Title: The Crucifixion

Artist: Thomas Eakins

Medium: Oil on canvas

Size: 54 x 96 cm

Date: 1880

Location: Philadelphia Museum of Art, Philadelphia.


Mark 15:24 And they crucified him.


“The Crucifixion” is surely one of the greatest of Eakins' explorations of the potentially difficult, pained relation of the soul and the world. Eakins suspends his Christ figure uneasily between the dust and dirt of the world (visible in the figure's feet, fingernails, and uncut and broken toenails) and a state of sublime spiritual calm beyond earthly concerns and contingencies (felt in the elegant lines of the figure's body and the serenity of his delicately bowed head). The viewer is similarly placed in an unresolved, in-between position as a result of the low angle at which Christ is presented. Rather than standing below Christ approximately at the level of his feet, where crucifixion altarpieces customarily locate the spectator, we are positioned approximately half-way up his body, encountering him not distanced from us, floating over us as a God, but with an uncomfortable intimacy and equality. Adding to the effect, the boyish grace of the frail body defines the figure neither as entirely man nor God, but at an unresolved in-between point.


Thomas Cowperthwait Eakins (July 25, 1844 – June 25, 1916) was an American realist painter, photographer, sculptor, and fine arts educator. He is widely acknowledged to be one of the most important artists in American art history.
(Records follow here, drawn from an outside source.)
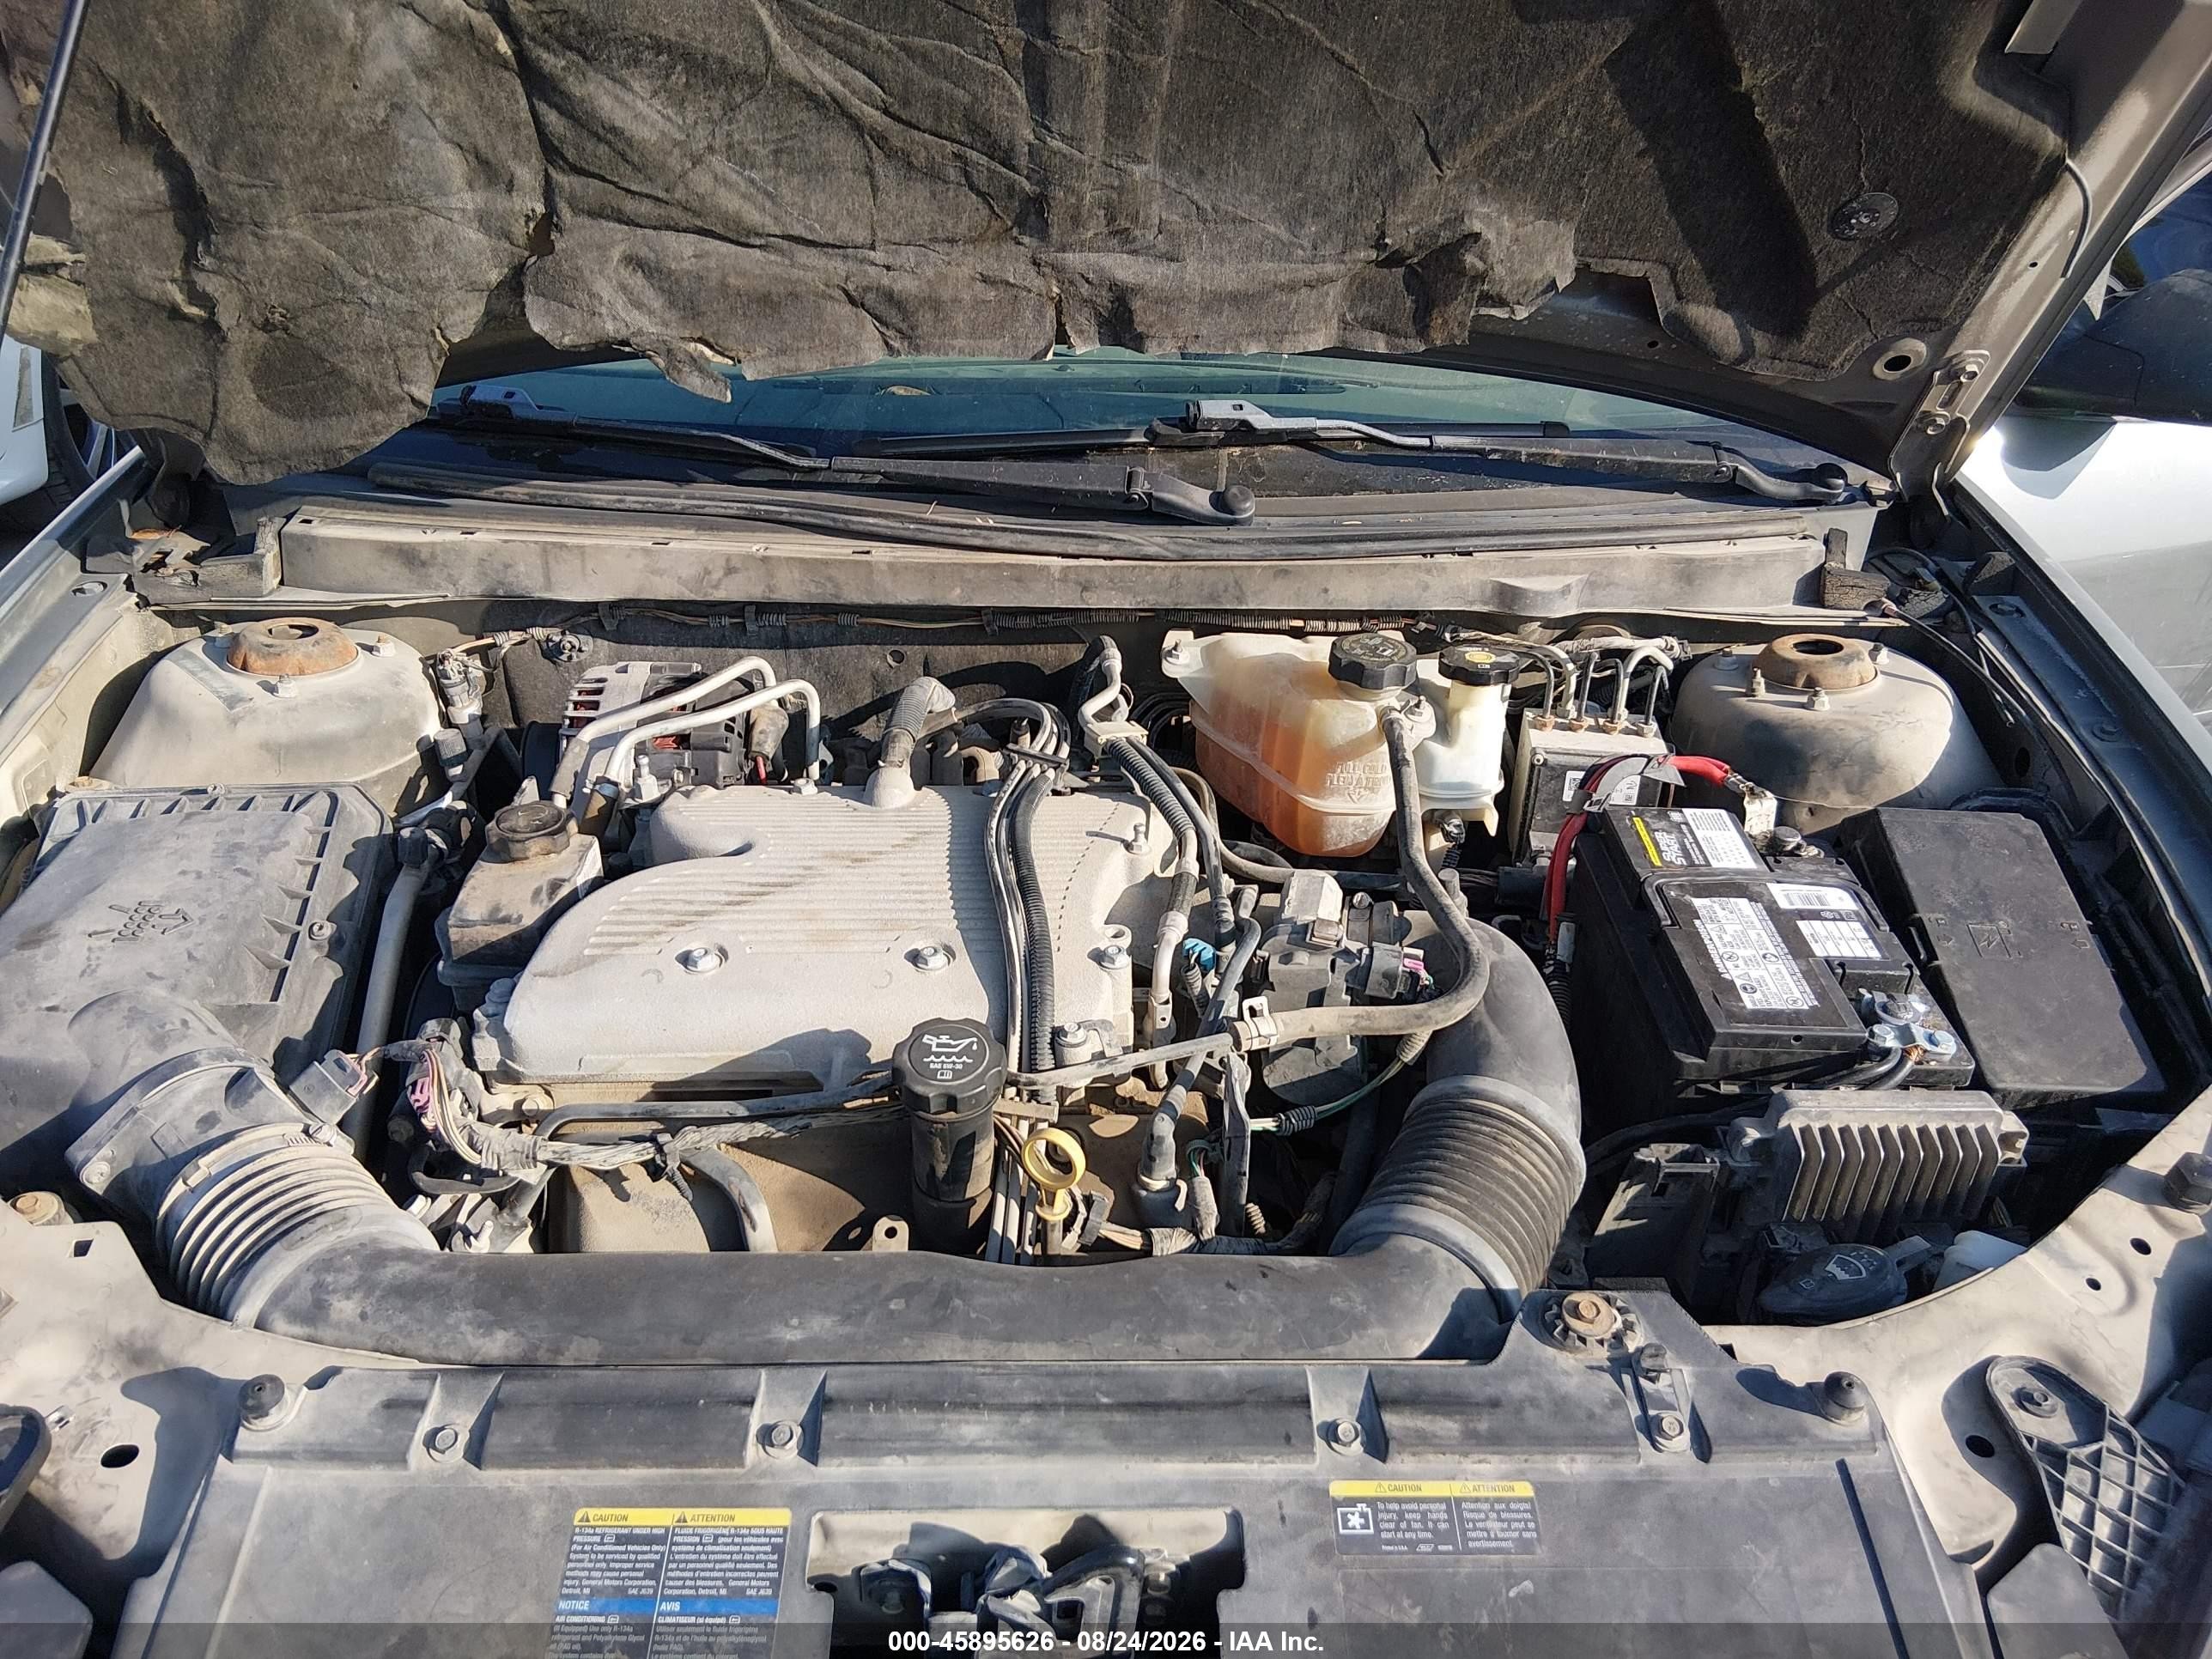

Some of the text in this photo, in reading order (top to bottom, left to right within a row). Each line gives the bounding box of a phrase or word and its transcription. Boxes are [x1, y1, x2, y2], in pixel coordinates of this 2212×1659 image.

[1386, 1502, 1399, 1510] help
[1419, 1502, 1446, 1511] personal
[593, 1514, 628, 1522] CAUTION
[690, 1514, 735, 1522] ATTENTION
[1378, 1511, 1398, 1520] injury,
[558, 1600, 590, 1609] NOTICE
[660, 1602, 680, 1611] AVIS
He studied drawing and anatomy at the Pennsylvania Academy of the Fine Arts beginning in 1861, and attended courses in anatomy and dissection at Jefferson Medical College from 1864-65. His scientific interest in the human body led him to consider becoming a surgeon, but Eakins then studied art in Europe from 1866 to 1870, notably in Paris with Jean-Léon Gérôme, being only the second American pupil of the French realist painter famous as a master of Orientalism.